I have a data frame containing a mixture of numeric and categorical variables (factors in R) such as follows:
df <- data.frame(
age = c(18, 29, 55, 90, 44),
sex = c("M", "F", "M", "M", "F"),
category = c("cat1", "cat1", "cat2", "cat2", "cat2"))
I need to run some statistical analysis on this data but this analysis requires the input data to be in the form of a numeric matrix. I can of course convert sex
and category
into numeric variables by using something like df$sex <- ifelse(df$sex == "M", 1, 0)
but this is very tedious to do manually when I have a lot of variables. Furthermore, the analysis will return a numeric matrix that I need to reconvert to the format of df
with the original categories, and so I'll need to use something like x$sex <- ifelse(x$sex == 1, "M", "F")
(here, x
holds the return value of the analysis) to reconvert each variable back to the original data format, essentially undoing the first conversion. For simplicity please assume all the categorical variables are non-ordinal (i.e. there is no order to the categories) and binary (only two factor levels).
So I think what I want are 2 functions that can do this automatically. I'm assuming I'll need two functions fct2num
and num2originalfct
. fct2num
will need to return the data frame as a matrix with my variables fct_var <- c("sex", "category")
converted appropriately to numeric but also some sort of a dictionary dict
of the mappings (e.g., sex = "F" : 0, "M" : 1
) that I'll need to pass to num2originalfct
along with the output of the analysis to be recoded back to the original categories. Any ideas or alternatives on how best to accomplish this?
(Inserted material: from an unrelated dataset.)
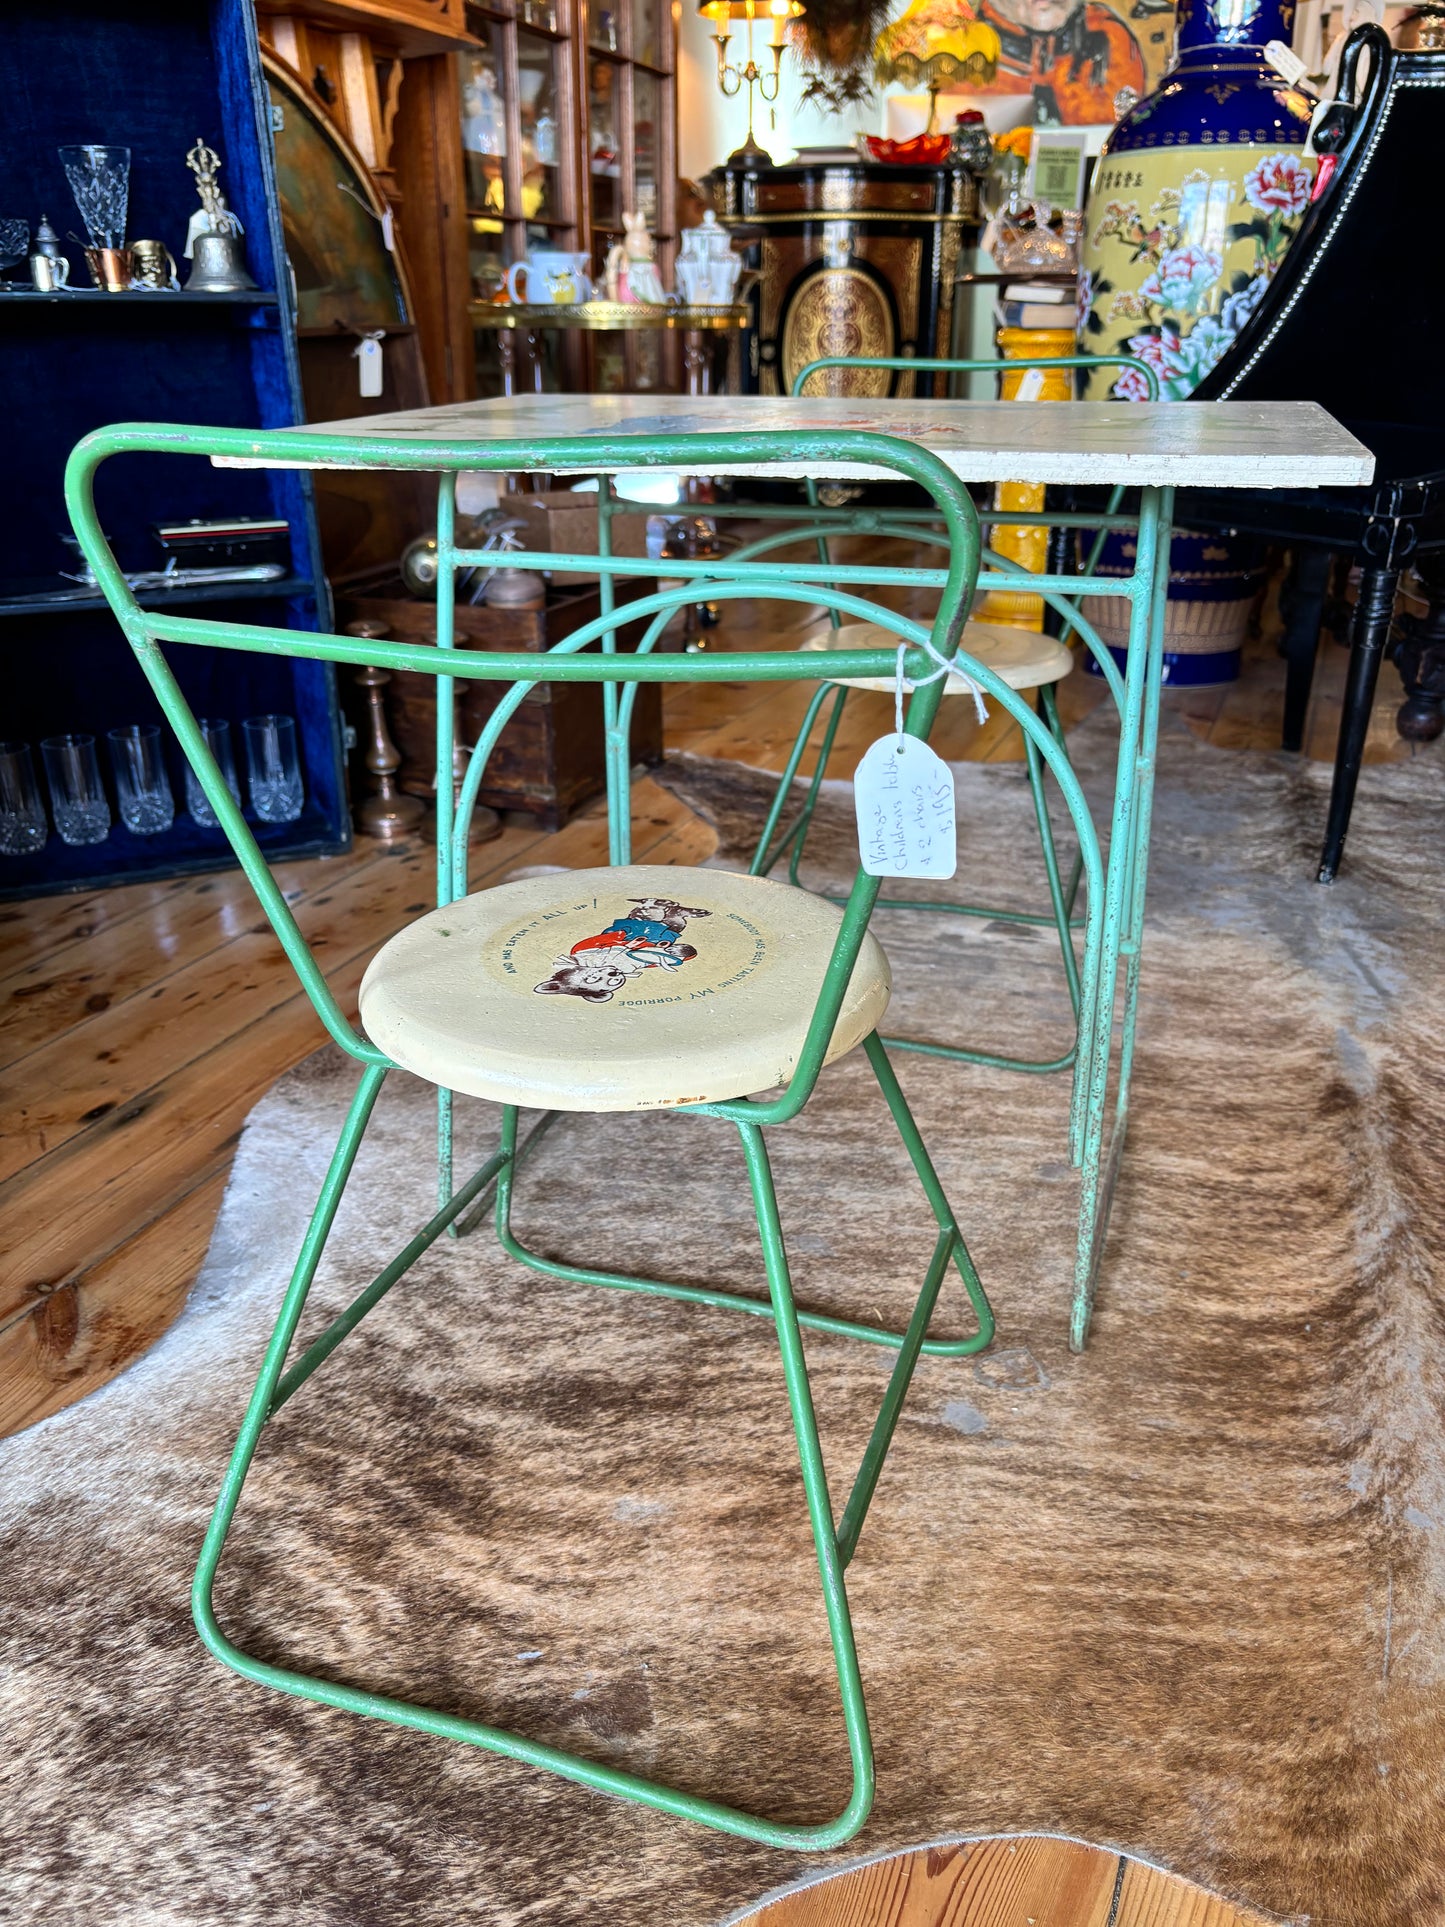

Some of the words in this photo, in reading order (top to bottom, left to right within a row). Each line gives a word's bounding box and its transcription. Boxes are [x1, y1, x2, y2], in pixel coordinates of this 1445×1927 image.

Something like this would work for fct2num
for one-hot encoding, but I'm not sure how I would revert the encoding back to the original factors.
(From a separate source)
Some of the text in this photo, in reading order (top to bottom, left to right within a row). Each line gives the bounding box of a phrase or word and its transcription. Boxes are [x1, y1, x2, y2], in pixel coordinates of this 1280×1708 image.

You may strip off the factor labels using as.integer
and subtract 1
.
> df[chr] <- lapply(df[chr], \(x) as.integer(as.factor(x)) - 1L)
> m <- as.matrix(df)
> m
age sex category
[1,] 18 1 0
[2,] 29 0 0
[3,] 55 1 1
[4,] 90 1 1
[5,] 44 0 1
Update
To convert forth and back, you may follow an approach like this.
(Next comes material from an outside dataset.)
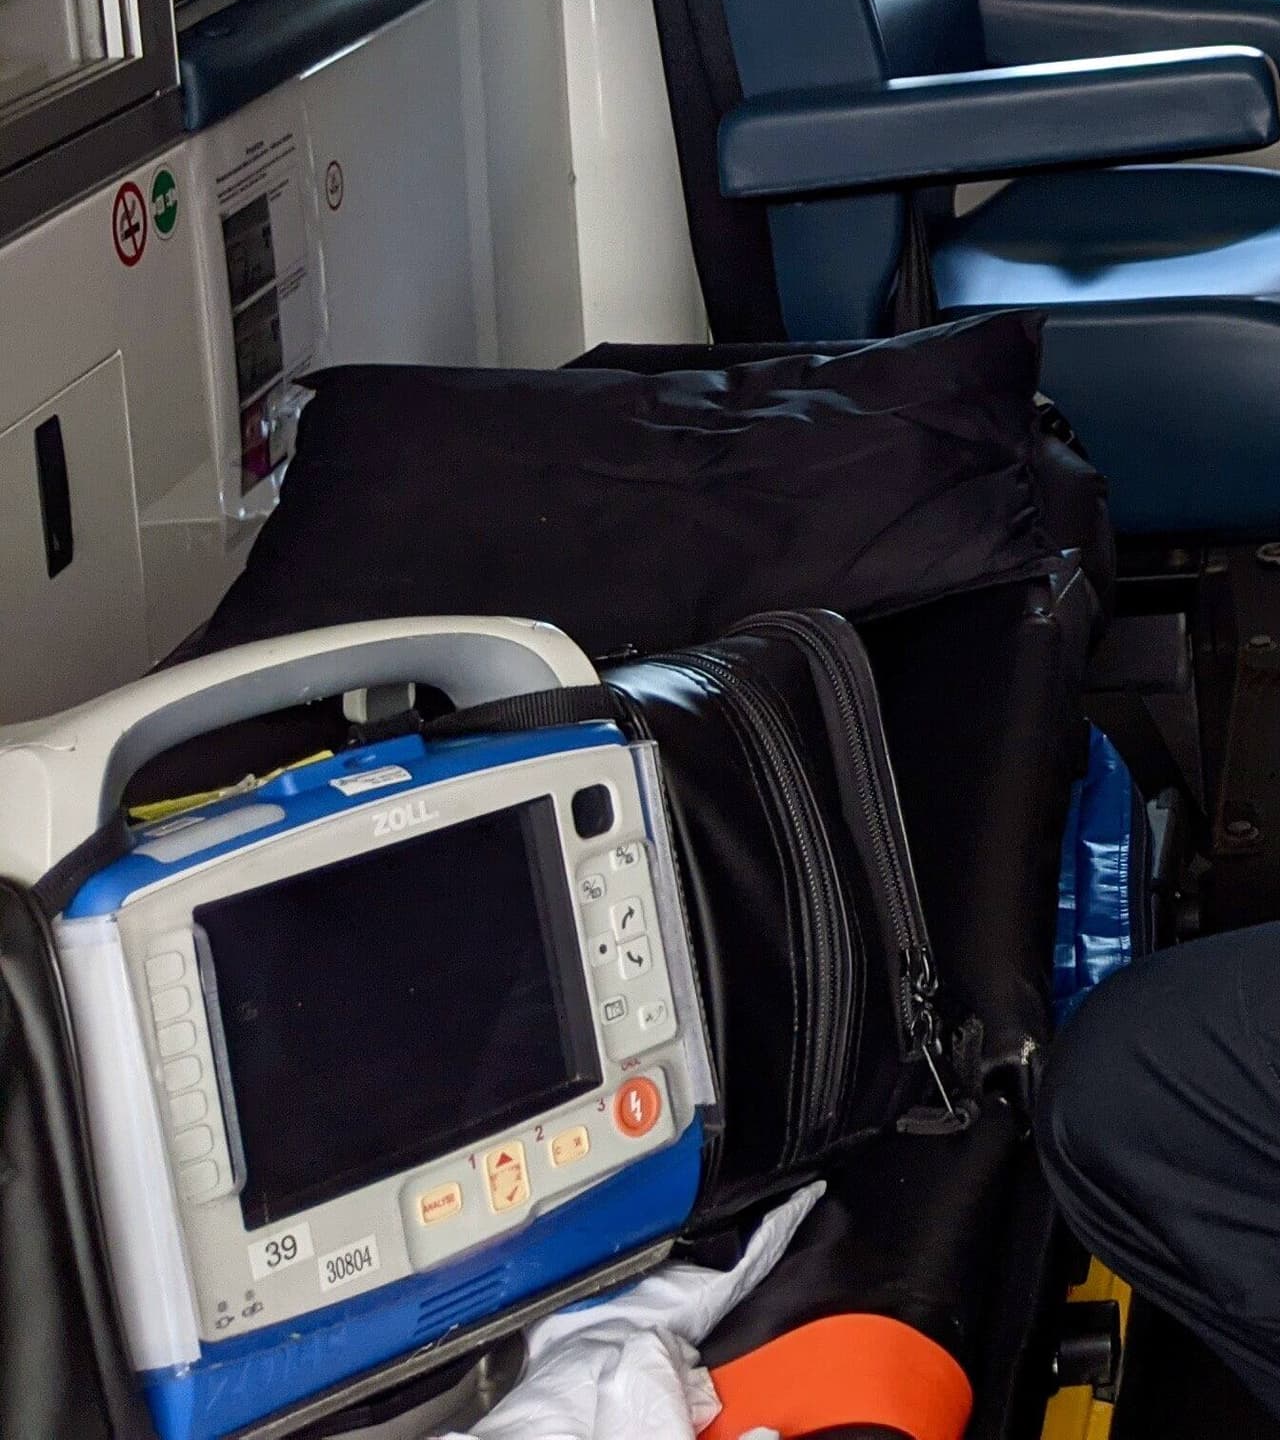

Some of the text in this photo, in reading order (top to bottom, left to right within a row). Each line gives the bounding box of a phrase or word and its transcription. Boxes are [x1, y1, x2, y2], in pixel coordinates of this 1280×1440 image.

> df <- type.convert(df, as.is=FALSE) ## convert character to factor
> fac <- names(df)[sapply(df, is.factor)] ## store names of which are factors
> lev <- lapply(df[fac], attr, 'levels') ## store levels of the factors
> df[fac] <- lapply(df[fac], \(x, y) as.integer(x) - 1)
> m <- as.matrix(df)
> m
age sex category
[1,] 18 1 0
[2,] 29 0 0
[3,] 55 1 1
[4,] 90 1 1
[5,] 44 0 1
> ## do stuff with matrix
> df2 <- as.data.frame(m) ## convert back to data.frame
> df2[fac] <- Map(`levels<-`, lapply(df2[fac] + 1L, factor), lev) ## restore levels
> df2
age sex category
1 18 M cat1
2 29 F cat1
3 55 M cat2
4 90 M cat2
5 44 F cat2
Data:
> dput(df)
structure(list(age = c(18, 29, 55, 90, 44), sex = c(1, 0, 1,
1, 0), category = c(1, 1, 2, 2, 2)), row.names = c(NA, -5L), class = "data.frame")